Os resultados foram organizados de acordo com a técnica de Análise de Conteúdo que é "um conjunto de técnica de análise das comunicações, que utiliza procedimentos sistemáticos e objetivos de descrição do conteúdo das mensagens"7. Conduzimos o processo percorrendo várias etapas a iniciar com leitura globalizada do material, passando por recortes em suas partes, para serem categorizadas e classificadas, visando uma decodificação do significado das partes em correlação com o todo. Buscamos descobrir os núcleos de sentido que compõe uma comunicação, cuja presença ou freqüência guarda alguma relação com o objetivo visado8.

RESULTADOS

A maioria das participantes mostrou satisfação e interesse em colaborar, não só falando sobre seu objeto de interesse para a efetivação da pesquisa, mas também como "desabafo" de suas inquietações do seu cotidiano profissional, especialmente as enfermeiras obstétricas. Algumas ficaram indecisas e inseguras sobre o que iriam responder julgando não estarem preparadas ou talvez que suas falas não estivessem adequadas ao tema. Umas desviaram do cerne da questão, e isso pode ter origem na maneira dessas enfermeiras prestar cuidados à mulher na trajetória do nascimento, o que veio direcionar sobremaneira suas respostas, outras emitiram respostas curtas e outras mais longas e bem elaboradas. Obtivemos também respostas dadas com a maior convicção, com a "alma", com o sentimento de quem vivencia e se envolve no que faz; outras, de uma forma mais superficial, técnica, com certa frieza e distante.

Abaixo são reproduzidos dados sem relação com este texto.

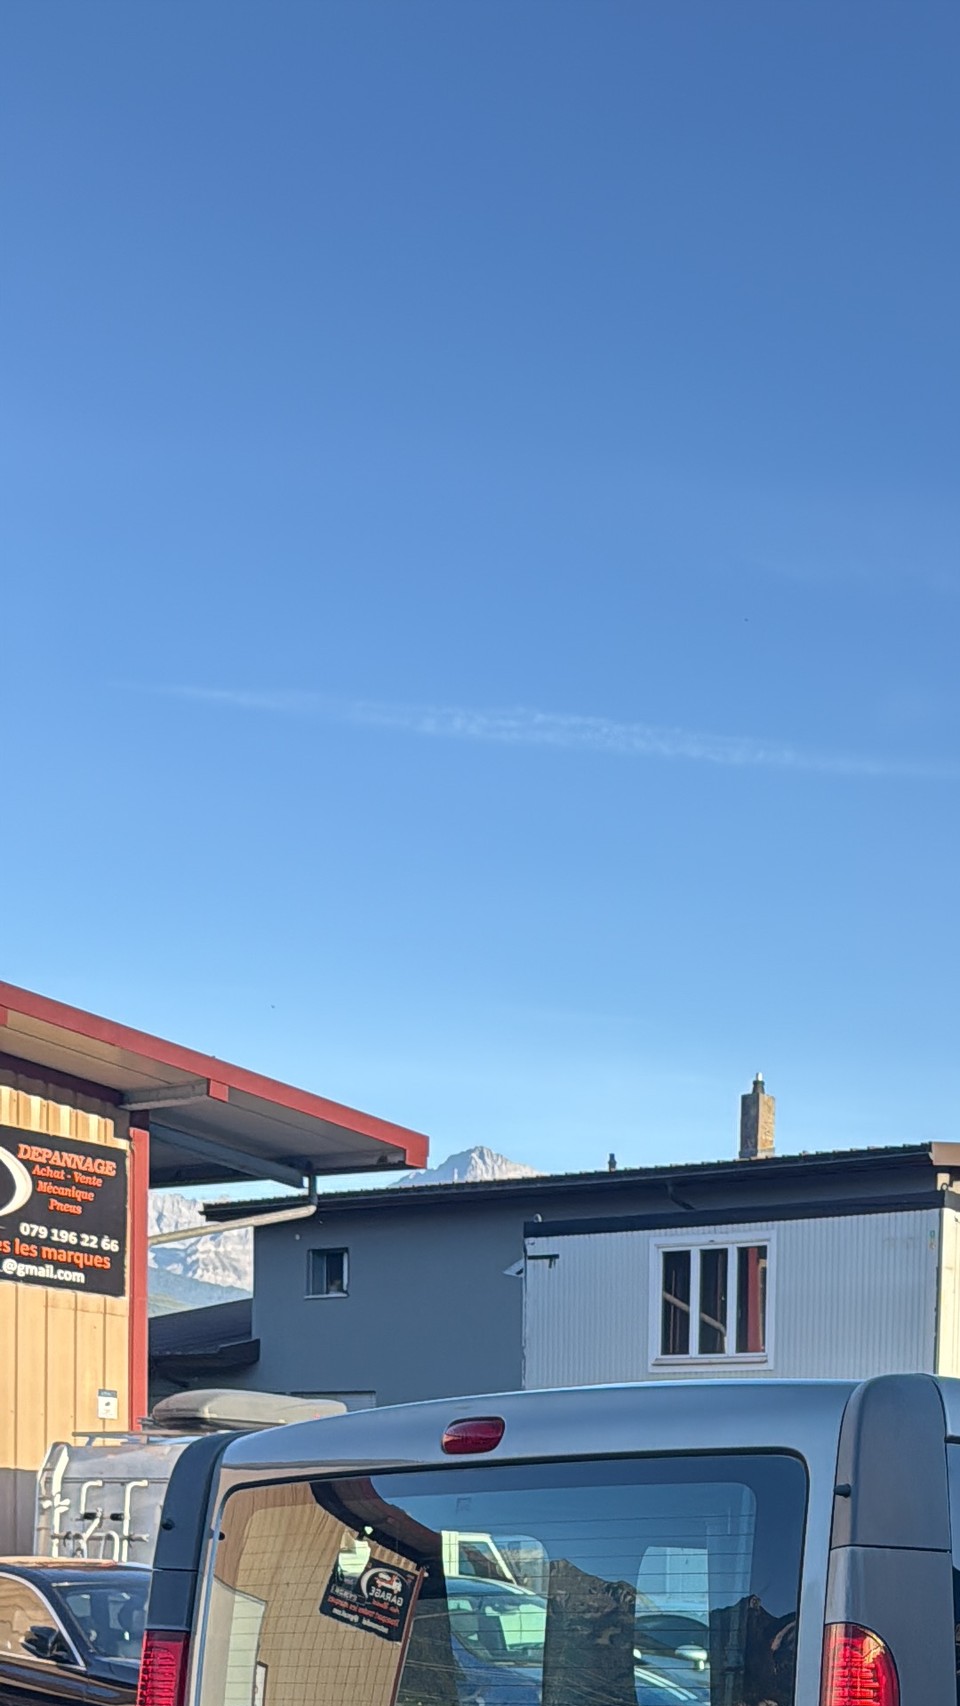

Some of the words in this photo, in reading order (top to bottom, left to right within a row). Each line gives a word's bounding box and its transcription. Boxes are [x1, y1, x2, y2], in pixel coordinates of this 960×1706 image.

Todas eram do sexo feminino, a maioria, especialista em enfermagem obstétrica pela UFMA, casada e com mais de cinco anos de graduação e trabalhando há mais de quatro anos em centro obstétrico. A faixa etária variou entre 25 a 57 anos, com predominância das faixas etárias de 25 a 34 anos e 40 a 49 anos.

Ao se buscar sua história obstétrica, detectamos que dez eram nulíparas e onze tiveram de uma a três gravidezes; nove foram submetidas a parto cesariano e somente duas tiveram partos normais (uma teve três e a outra dois partos normais).

A análise das falas, de acordo com a técnica já mencionada, originou a temática descrita a seguir, denominada de: "atuação da enfermeira na assistência à mulher no processo de parturição".

No percurso das entrevistas, notou-se que as enfermeiras atuam, quer de forma direta, cuidando da parturiente, quer de forma indireta, proporcionando meios para um cuidar mais qualificado e humanizado. Essa atuação pode ser entendida a priori como um conjunto de ações traduzidas no "fazer" e no "cuidar", expressando o objetivo maior da enfermagem, durante as etapas de doação materna (parir) e do desabrochar da vida (nascer).

Dessa forma, a referida temática foi desdobrada nas sub-temáticas: assistência temporal na trajetória do nascimento e maneira de cuidar na trajetória natural do nascimento.

Na assistência temporal na trajetória do nascimento percebe-se a assistência temporal como uma experiência vivenciada pela enfermeira, de curta duração, tanto em relação ao passado como em direção ao futuro, ou seja, no pré-natal, parto e puerpério. A temporalidade consiste em experienciar o tempo, sendo esta a vivência que mais próxima se encontra de nosso existir9.

Para melhor compreensão da indiscutível importância da assistência da enfermeira à gestante no ciclo gravídico-puerperal, a assistência temporal foi desdobrada, de acordo com o momento em que ela ocorre, ou seja: acompanhando a gravidez e o trabalho de parto; acompanhando o parto e em atividades administrativas. As falas a seguir, correspondem ao acompanhamento da gravidez e ao trabalho de parto.

[....] a assistência começa no pré-natal para que a mulher possa ter um parto normal[..] (Sila).

A assistência que a enfermeira dá no parto normal é muito importante, porque ela dá assistência no momento da admissão, no pré-parto, no parto, no pós-parto e também ao recém-nascido (Ceiça).

A gente procura acompanhar a evolução desse trabalho de parto até a chegada na sala de parto (Violeta).

A assistência da enfermeira no acompanhamento da mulher no ciclo gravídico-puerperal tem apresentado resultados satisfatórios na redução da morbimortalidade materna e perinatal. Vários trabalhos mostram essa realidade, como o resultado da pesquisa realizada por Goldman e Barros (1998), em São Paulo, com 178 parturientes assistidas exclusivamente por enfermeiras obstétricas, onde 80% delas não apresentaram nenhuma intercorrência obstétrica ou clínica10.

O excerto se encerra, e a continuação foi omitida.